>>>>>

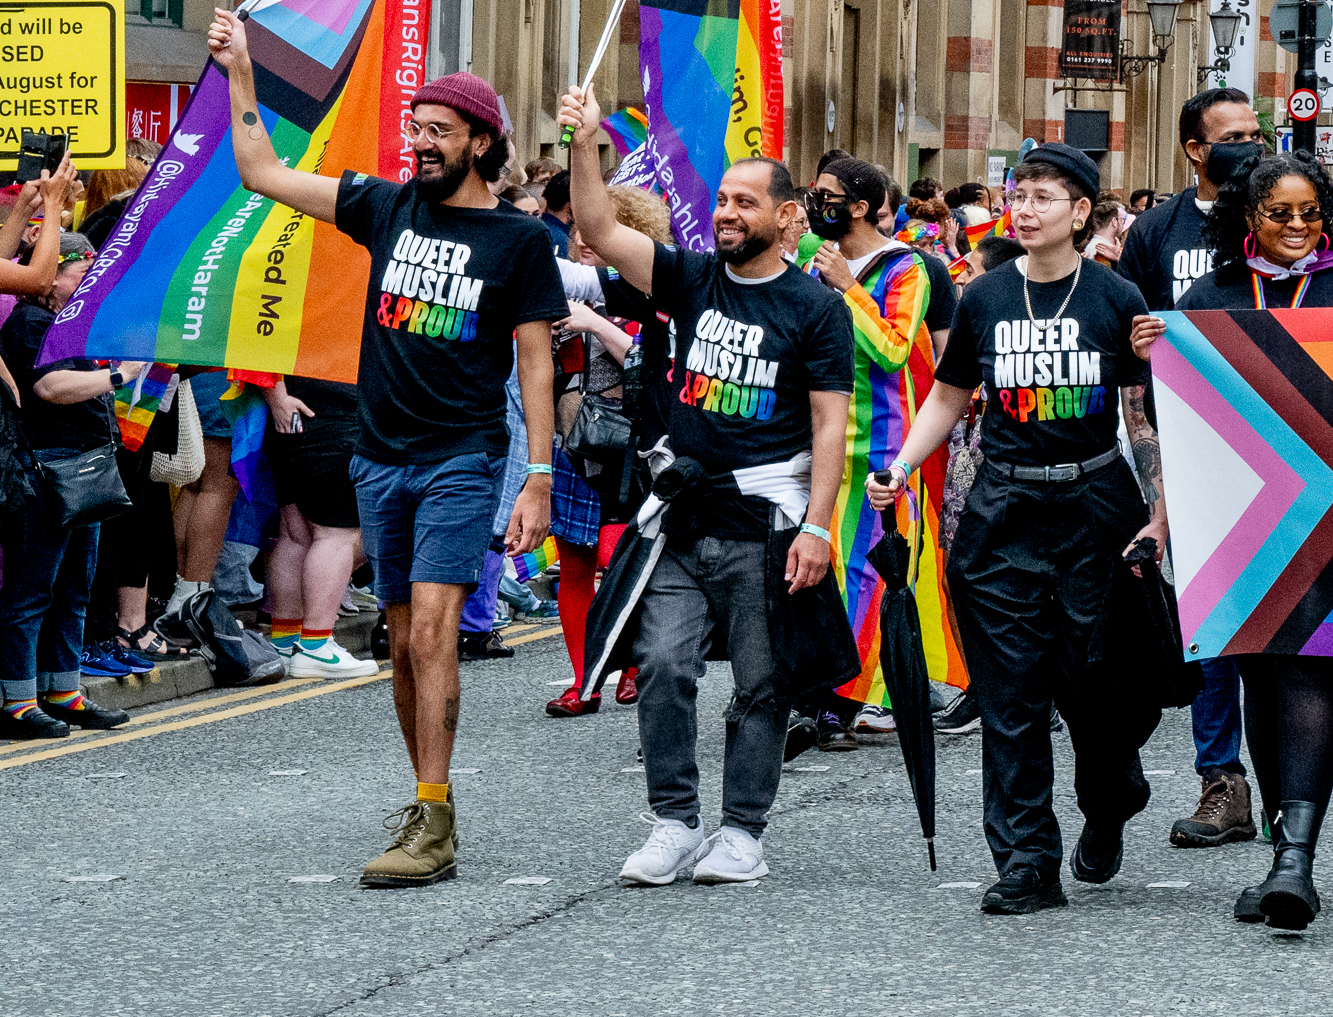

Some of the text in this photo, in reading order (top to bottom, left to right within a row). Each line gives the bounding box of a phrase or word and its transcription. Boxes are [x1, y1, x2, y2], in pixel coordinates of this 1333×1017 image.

[19, 18, 52, 34] will
[60, 18, 83, 34] be
[1077, 16, 1106, 25] FROM
[69, 72, 98, 88] for
[1293, 98, 1316, 111] 20
[264, 209, 306, 286] reated
[392, 229, 472, 276] QUEER
[381, 260, 484, 312] MUSLIM
[256, 294, 283, 337] Me
[695, 308, 764, 357] QUEER
[994, 318, 1080, 353] QUEER
[685, 337, 779, 389] MUSLIM
[994, 351, 1101, 388] MUSLIM

<<<<<

Please copy the data above exactly; the pictures do not belong in the copy.

Some of the text in this photo, in reading order (top to bottom, left to right within a row). Each line gives the bounding box of a phrase or word and its transcription. Boxes are [x1, y1, x2, y2], in pixel coordinates of this 1333×1017 image.

[19, 18, 52, 34] will
[60, 18, 83, 34] be
[1077, 16, 1106, 25] FROM
[69, 72, 98, 88] for
[1293, 98, 1316, 111] 20
[264, 209, 306, 286] reated
[392, 229, 472, 276] QUEER
[381, 260, 484, 312] MUSLIM
[256, 294, 283, 337] Me
[695, 308, 764, 357] QUEER
[994, 318, 1080, 353] QUEER
[685, 337, 779, 389] MUSLIM
[994, 351, 1101, 388] MUSLIM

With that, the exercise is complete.